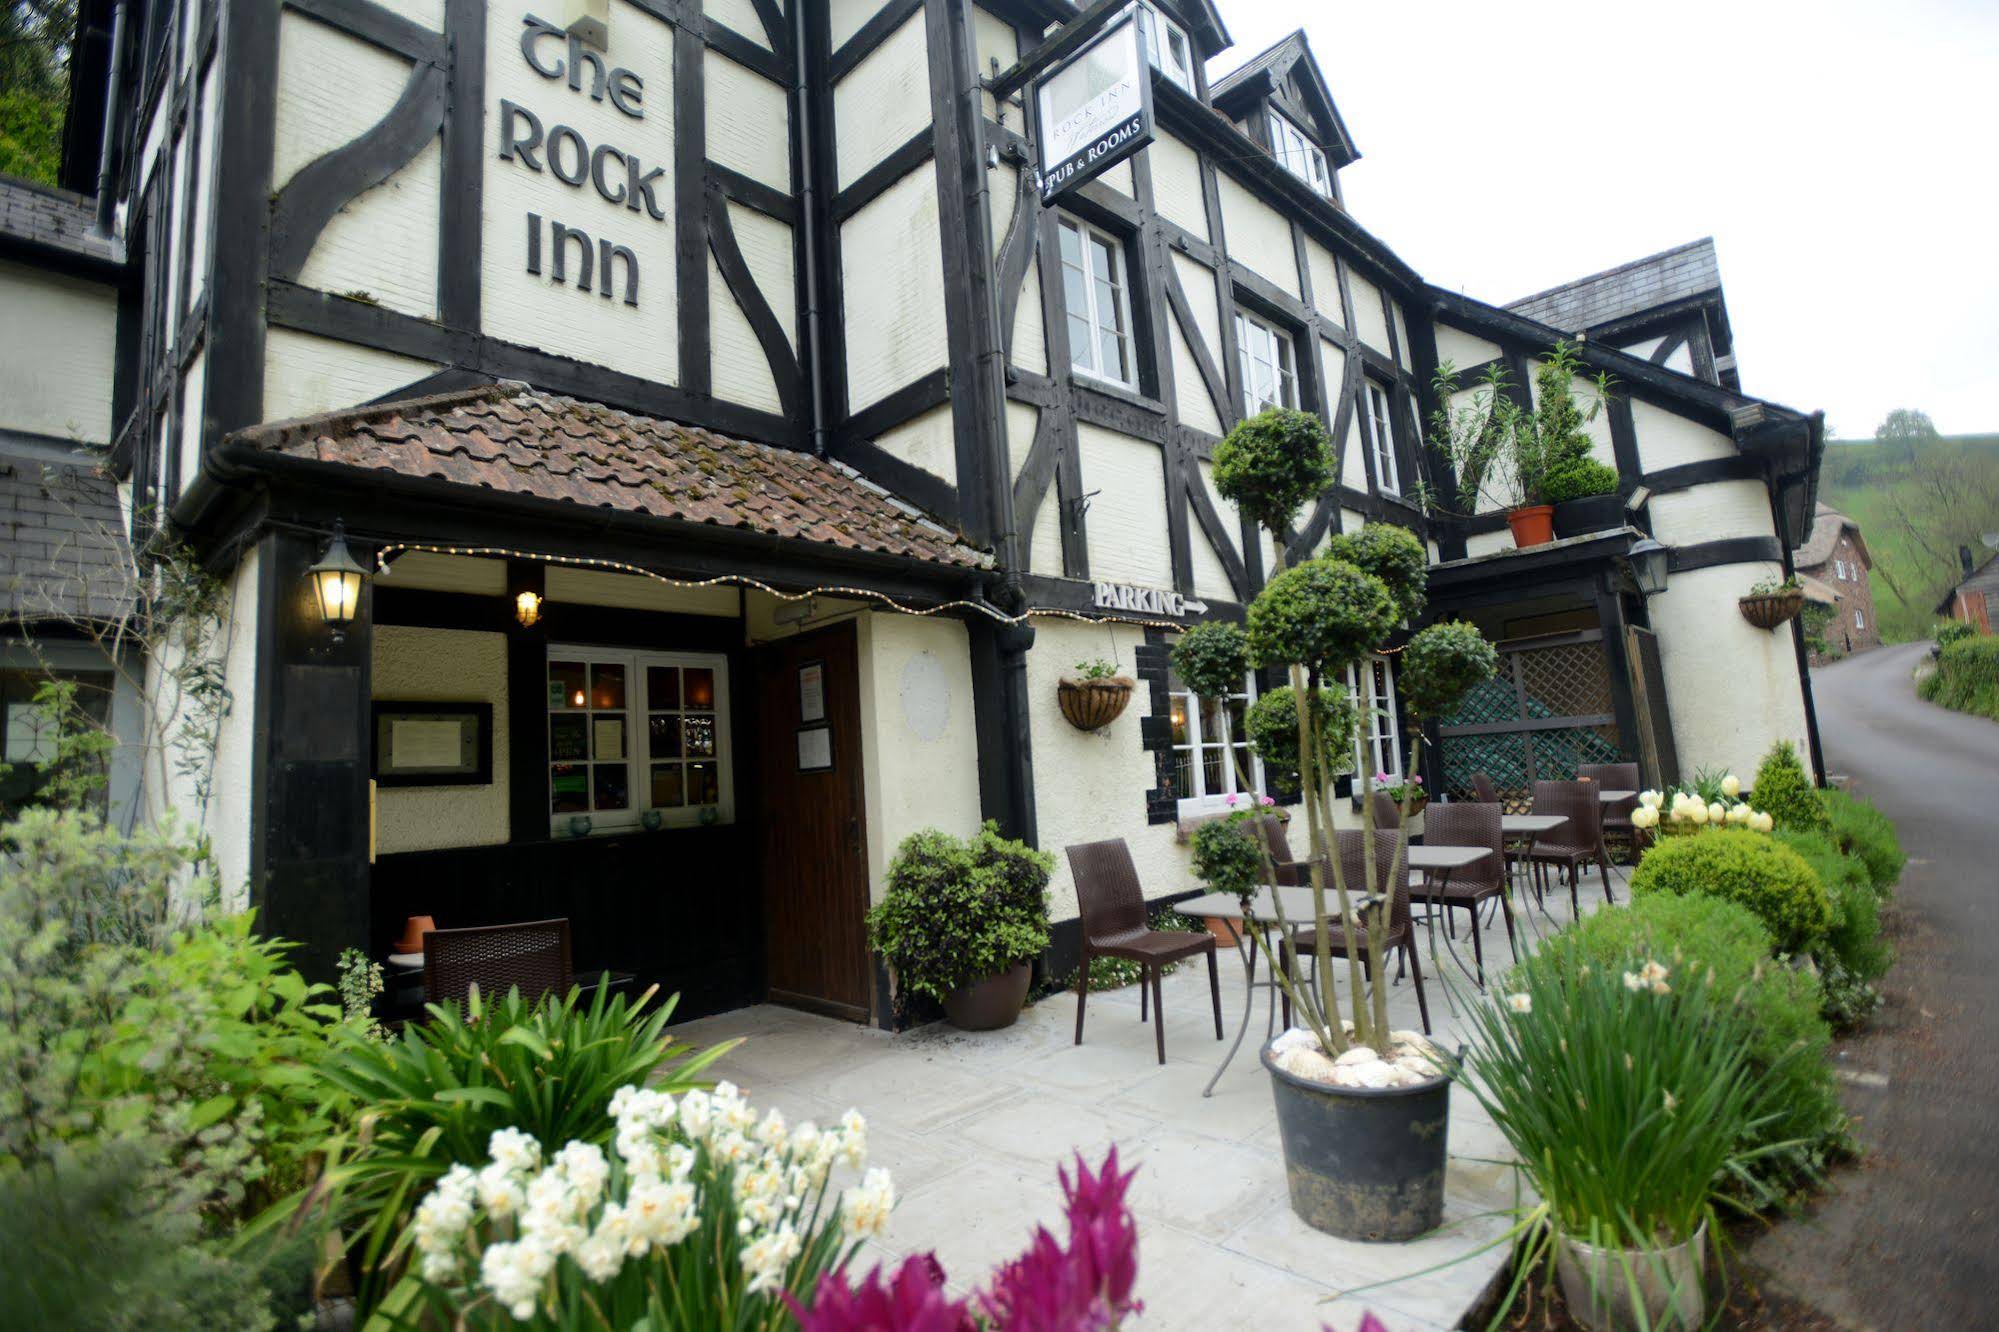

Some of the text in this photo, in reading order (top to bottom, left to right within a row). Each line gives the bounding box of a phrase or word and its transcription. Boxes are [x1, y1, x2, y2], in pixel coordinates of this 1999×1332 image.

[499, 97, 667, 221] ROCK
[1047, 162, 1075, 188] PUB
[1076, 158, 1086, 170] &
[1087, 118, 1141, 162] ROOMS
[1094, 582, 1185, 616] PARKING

Exercise goal.
Set down all entries above again, exactly, without images.

Response below.
Some of the text in this photo, in reading order (top to bottom, left to right within a row). Each line gives the bounding box of a phrase or word and its transcription. Boxes are [x1, y1, x2, y2], in pixel coordinates of this 1999×1332 image.

[499, 97, 667, 221] ROCK
[1047, 162, 1075, 188] PUB
[1076, 158, 1086, 170] &
[1087, 118, 1141, 162] ROOMS
[1094, 582, 1185, 616] PARKING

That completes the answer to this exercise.